The UN 1951 Refugee Convention is the key legal document which was created post WWII and then ratified again in 1967 with some alterations to better reflect the world landscape since WWII.1
A refugee, according to the Convention, is someone who is unable or unwilling to return to their country of origin owing to a well-founded fear of being persecuted for reasons of race, religion, nationality, membership of a particular social group, or political opinion.2
The core principle is non-refoulement, which asserts that a refugee should not be returned to a country where they face serious threats to their life or freedom. This is now considered a rule of customary international law.3
So, unlike most if not all other sub-sets of immigrants or newcomers, refugees have not chosen to migrate, they have been forcibly displaced. Forcible displacement creates an additional set of challenges for this population group and, as can be expected, has a significant impact on the healthy integration of refugees into their host country. It may include multiple stops along the refugee highway, uncertain legal status for undetermined periods of time and fragile mental health conditions.

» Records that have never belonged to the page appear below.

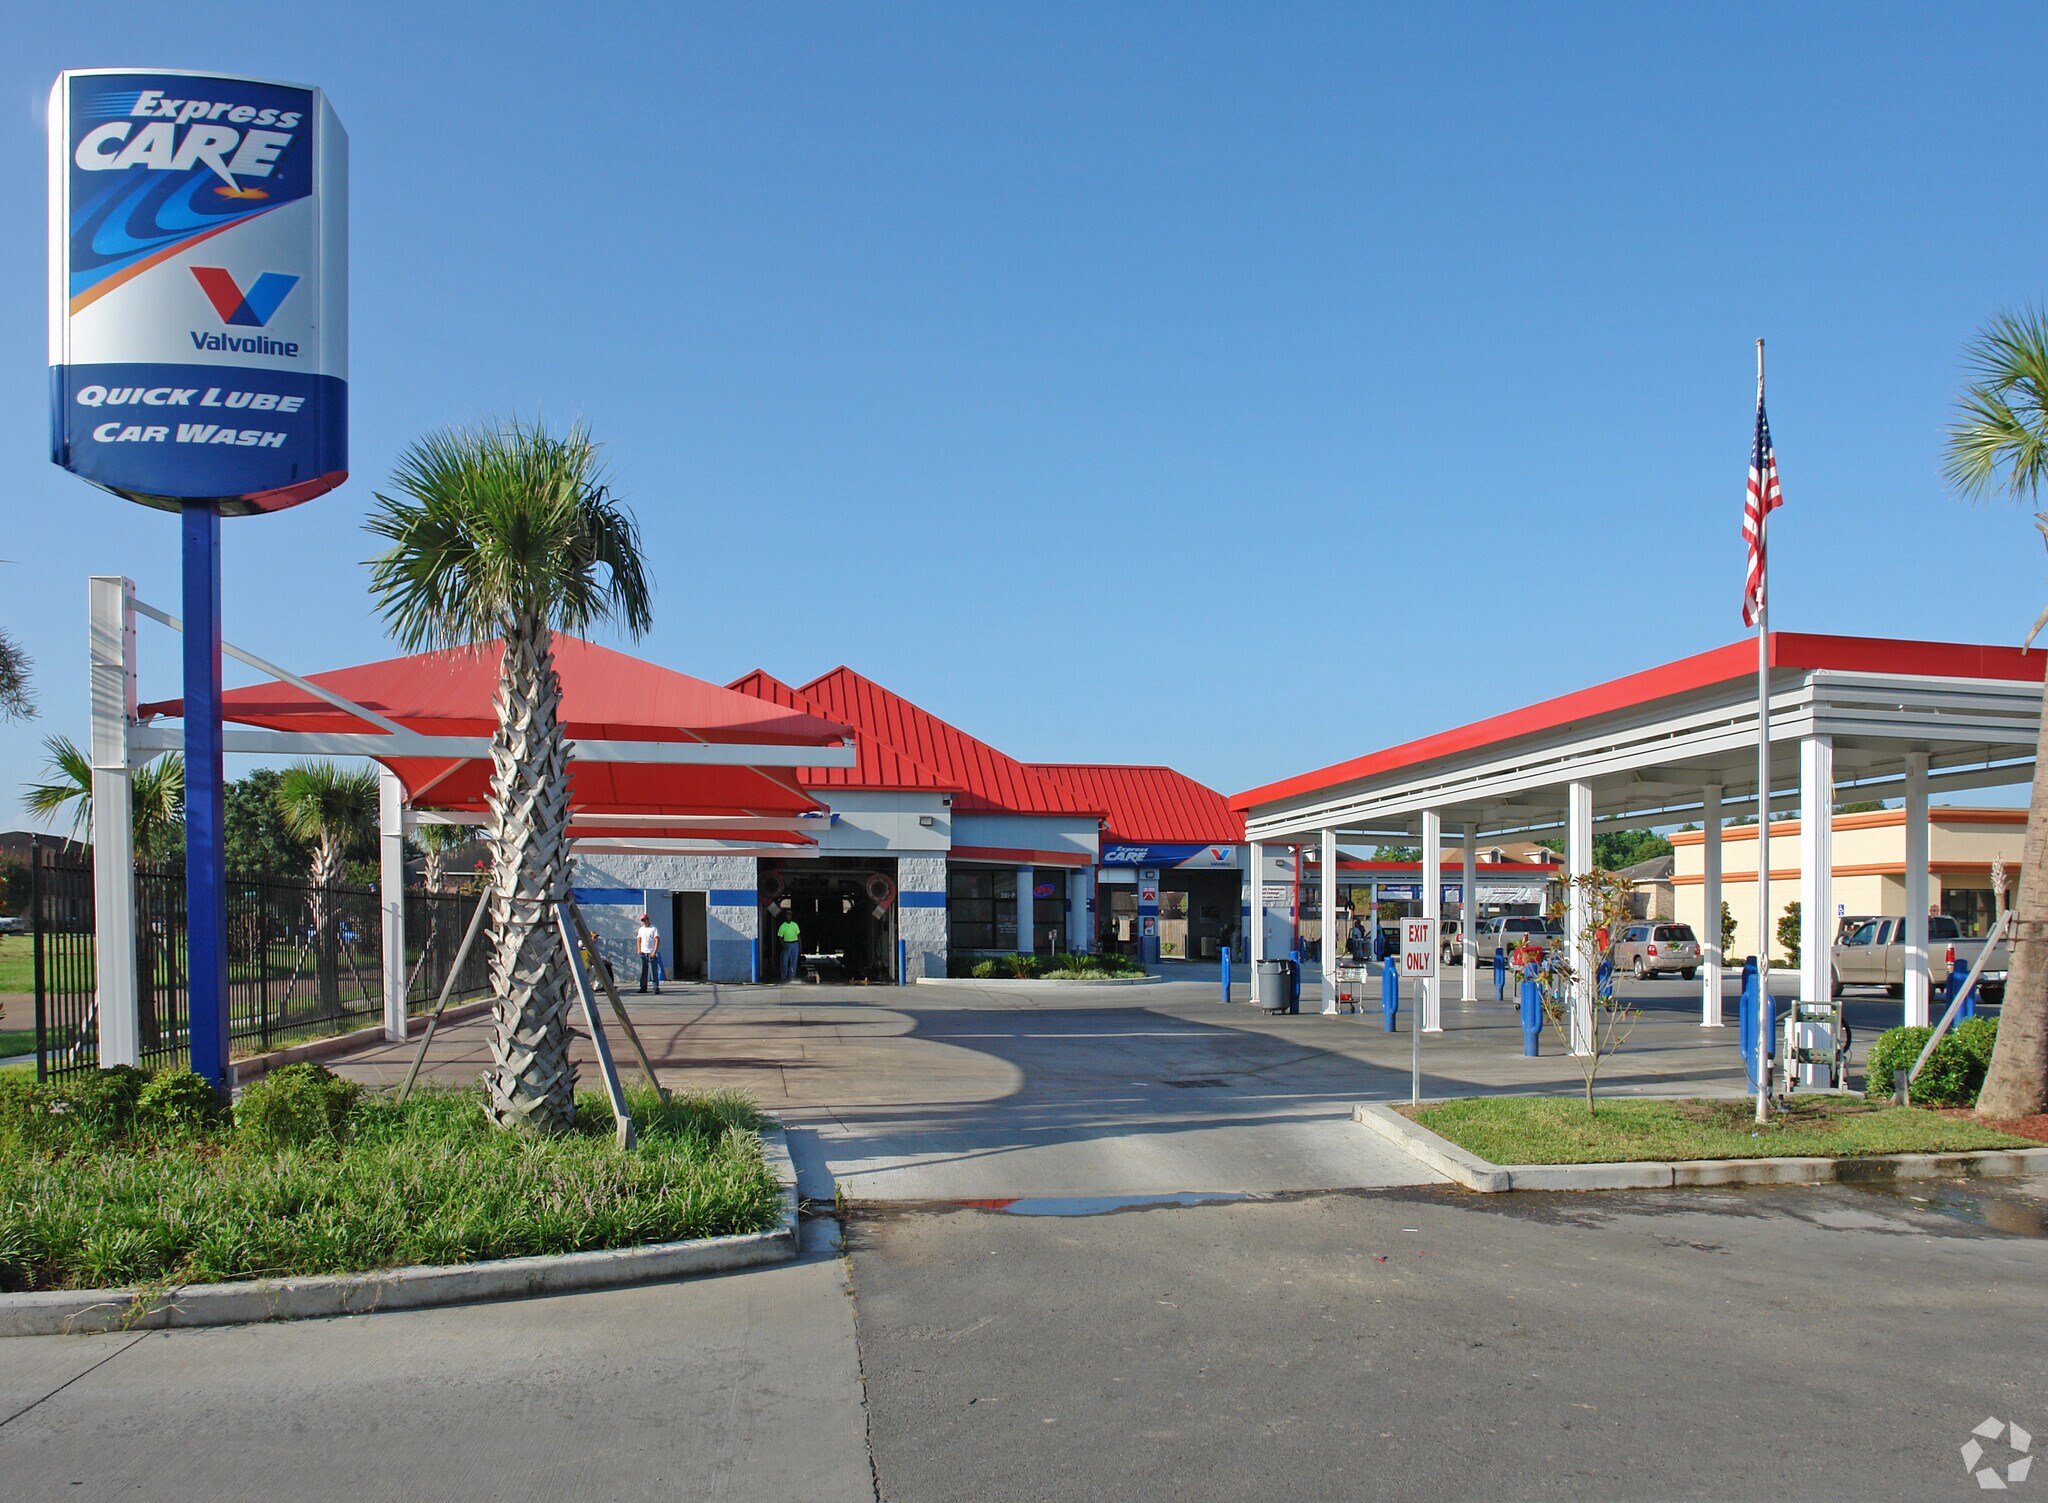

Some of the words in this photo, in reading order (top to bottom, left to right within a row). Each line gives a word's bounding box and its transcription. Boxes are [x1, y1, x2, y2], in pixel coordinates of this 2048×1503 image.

[130, 90, 303, 128] Express
[74, 121, 293, 192] CARE
[190, 331, 299, 357] Valvoline
[76, 385, 199, 408] QUICK
[200, 387, 306, 413] LUBE
[92, 422, 170, 443] CAR
[175, 423, 288, 448] WASH
[1104, 851, 1147, 865] CARE
[1408, 924, 1428, 942] EXIT
[1406, 952, 1430, 970] ONLY
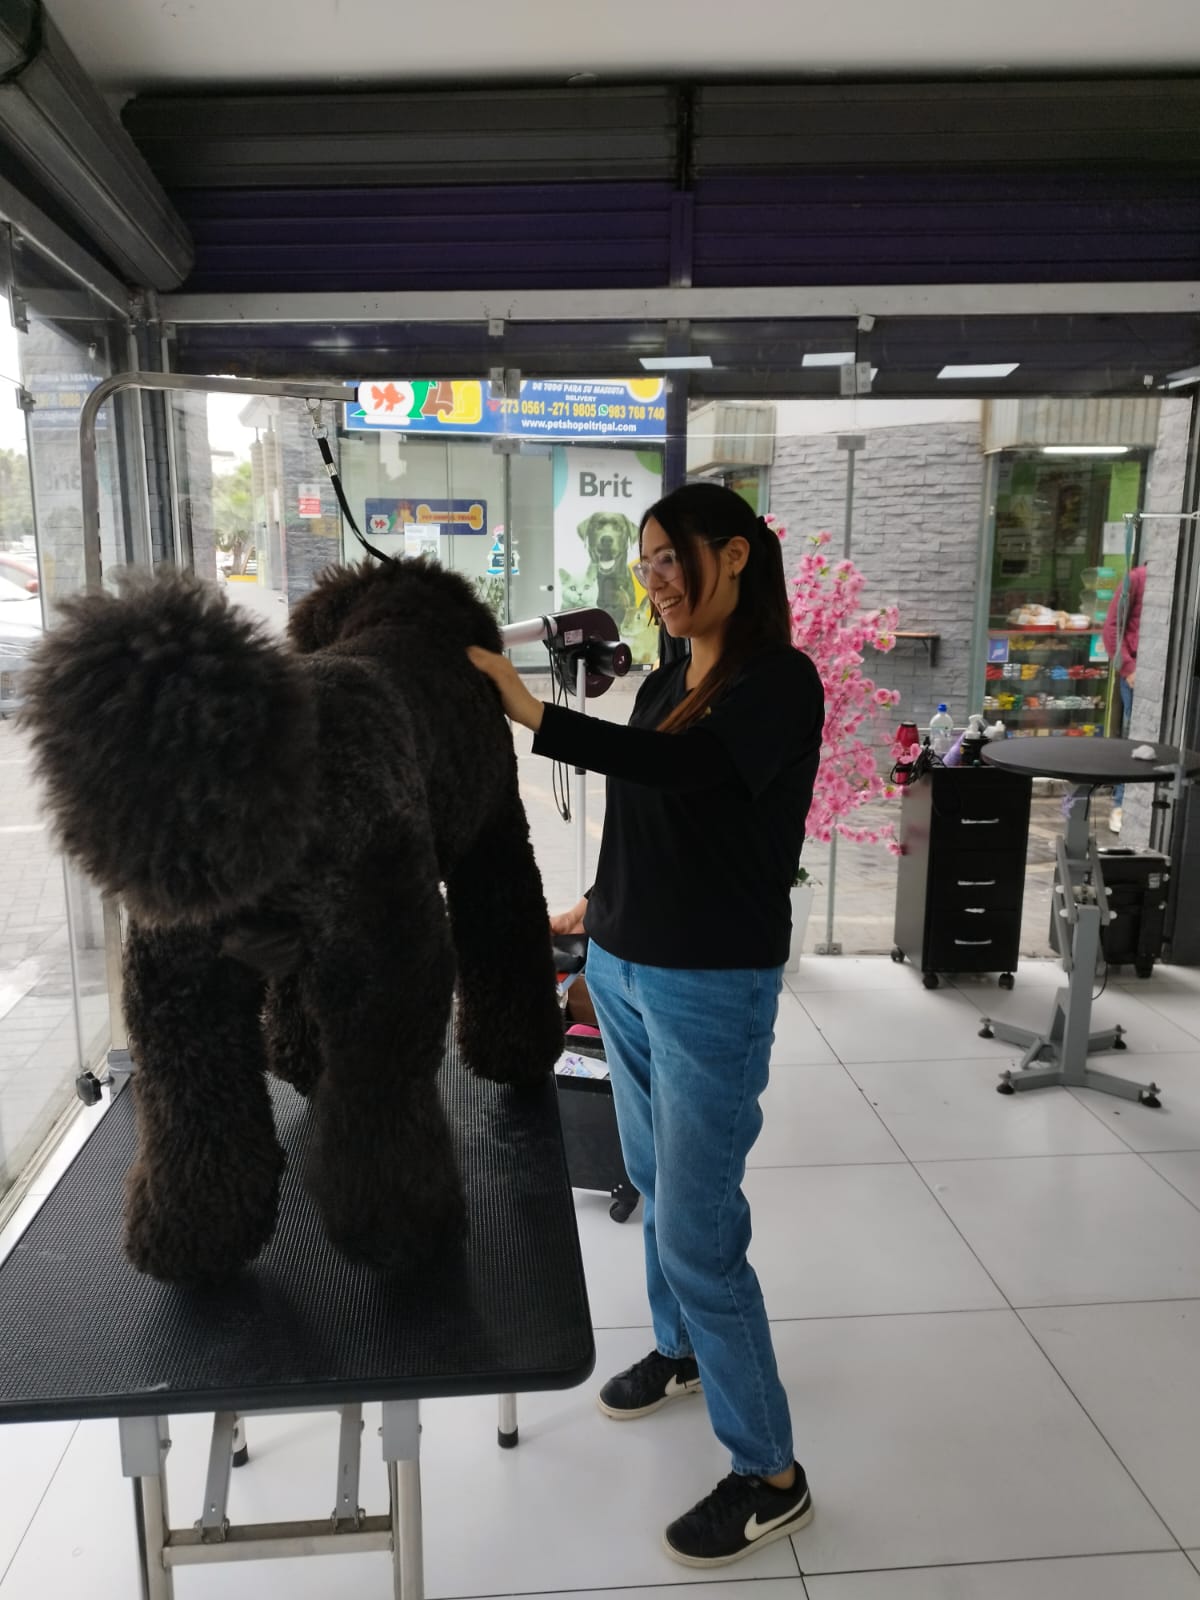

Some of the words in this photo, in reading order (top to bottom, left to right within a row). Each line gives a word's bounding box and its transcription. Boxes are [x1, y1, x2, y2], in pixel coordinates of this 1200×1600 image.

The UN reports the current global refugee population at 25.4 million with an additional 3.1 million asylum seekers. This does not include the 40 million internally displaced people who have not left the borders of their home country. Every day 44.400 people are forced to flee their homes due to war and persecution.4 The focus of this briefing will be refugees and, in particular, refugee claimants or asylum claimants.
The Canadian Context
Given that a number representing 2/3 of the population of Canada lives in our world as refugees, what is the Canadian response? Canada has provided three different pathways for refugees to access Canadian protection. Each year the Canadian government sets a quota for how many government assisted refugees (GARs) it will sponsor and accept for Permanent Residency. In addition, Canada has provided an opportunity for the public to sponsor refugees under its privately sponsored refugee program (PSRs) and sets an annual target for this group. All of these sponsored refugees have had their refugee status determined outside of Canada and land as Permanent Residents.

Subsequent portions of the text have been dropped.